Task to carry out | The required answer is an exact copy of the records below, without pictures.

Saved data entries:
==========

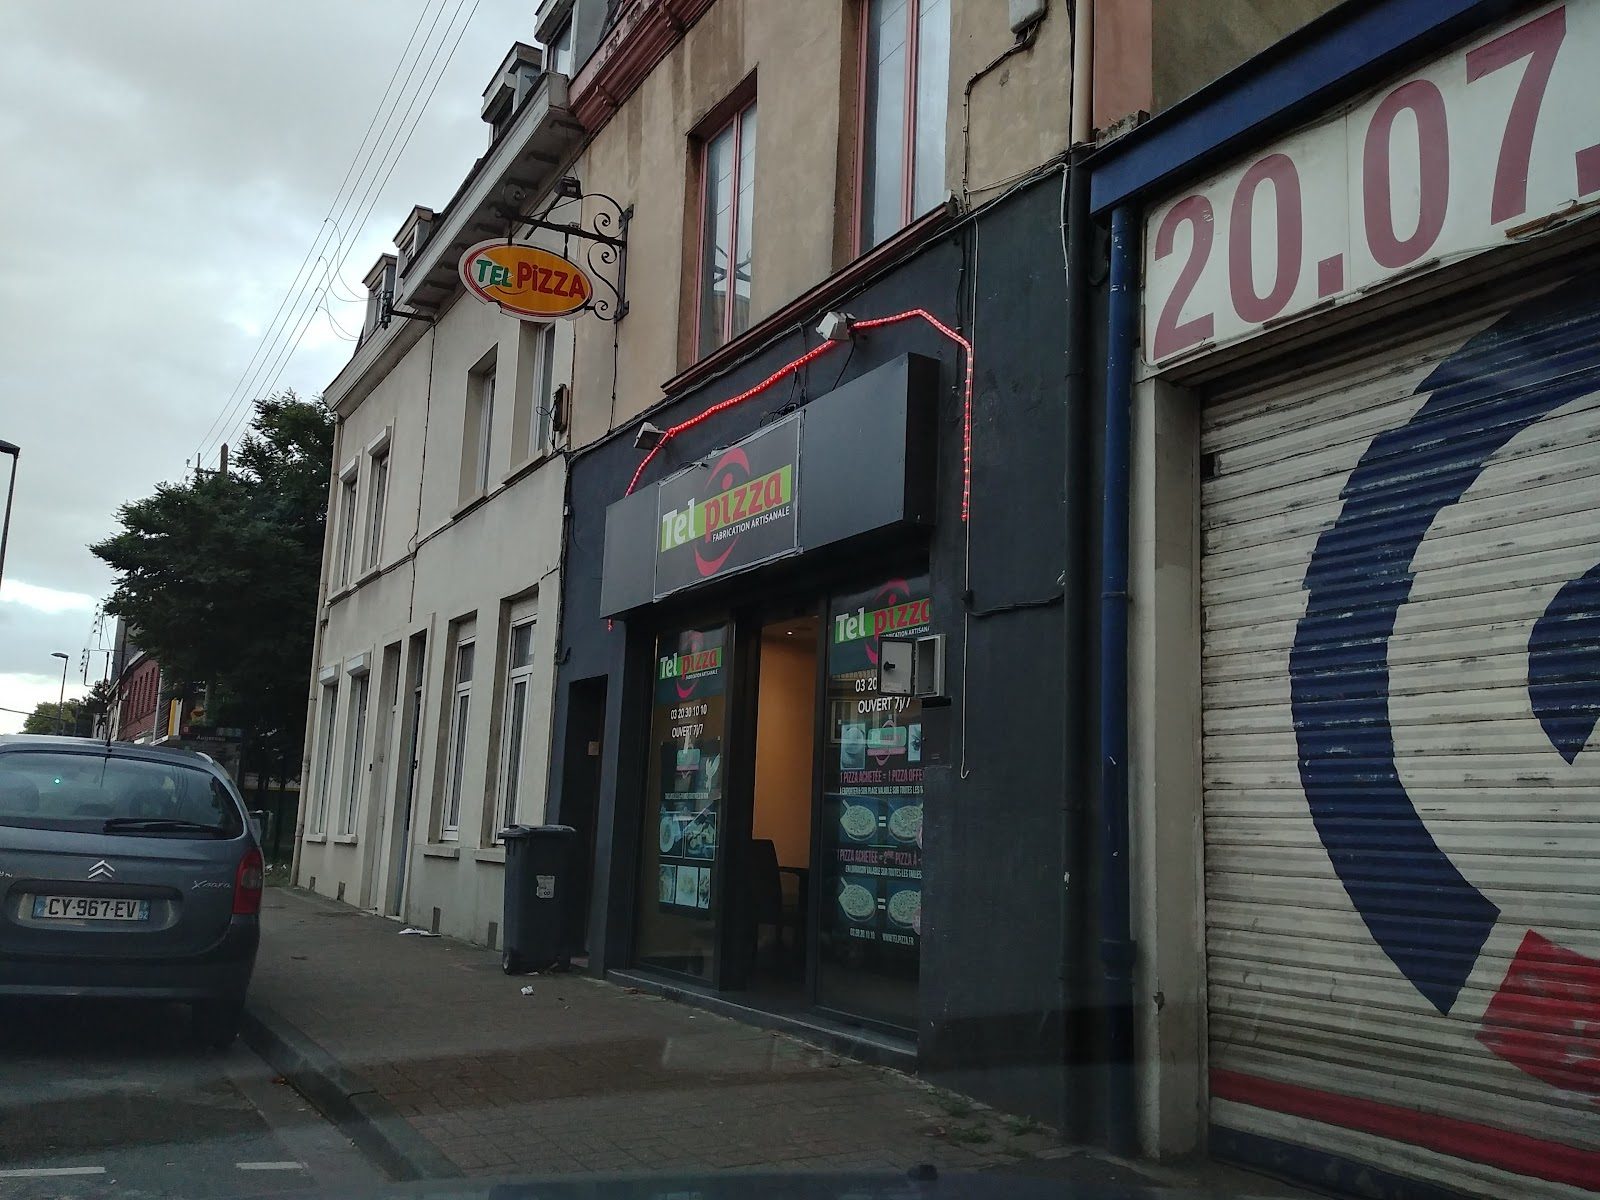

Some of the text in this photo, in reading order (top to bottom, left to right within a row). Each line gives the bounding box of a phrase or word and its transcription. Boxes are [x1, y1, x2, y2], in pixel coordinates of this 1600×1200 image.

[476, 259, 512, 287] TEL
[663, 472, 783, 550] Tel pizza
[712, 506, 790, 542] FABRICATION ARTISANALE
[836, 607, 866, 641] Tel
[660, 645, 717, 680] Tel pizza
[855, 677, 878, 692] 03 20
[671, 709, 678, 720] 03
[678, 708, 685, 719] 20
[685, 707, 692, 717] 30
[693, 706, 700, 716] 10
[858, 697, 893, 713] OUVERT
[672, 725, 693, 738] OUVERT
[843, 771, 859, 784] PIZZA
[859, 768, 882, 783] ACHETÉE
[892, 769, 908, 782] PIZZA
[908, 768, 924, 781] OFFE
[48, 898, 137, 918] CY-967-EV

==========

Result for this task |
Some of the text in this photo, in reading order (top to bottom, left to right within a row). Each line gives the bounding box of a phrase or word and its transcription. Boxes are [x1, y1, x2, y2], in pixel coordinates of this 1600×1200 image.

[476, 259, 512, 287] TEL
[663, 472, 783, 550] Tel pizza
[712, 506, 790, 542] FABRICATION ARTISANALE
[836, 607, 866, 641] Tel
[660, 645, 717, 680] Tel pizza
[855, 677, 878, 692] 03 20
[671, 709, 678, 720] 03
[678, 708, 685, 719] 20
[685, 707, 692, 717] 30
[693, 706, 700, 716] 10
[858, 697, 893, 713] OUVERT
[672, 725, 693, 738] OUVERT
[843, 771, 859, 784] PIZZA
[859, 768, 882, 783] ACHETÉE
[892, 769, 908, 782] PIZZA
[908, 768, 924, 781] OFFE
[48, 898, 137, 918] CY-967-EV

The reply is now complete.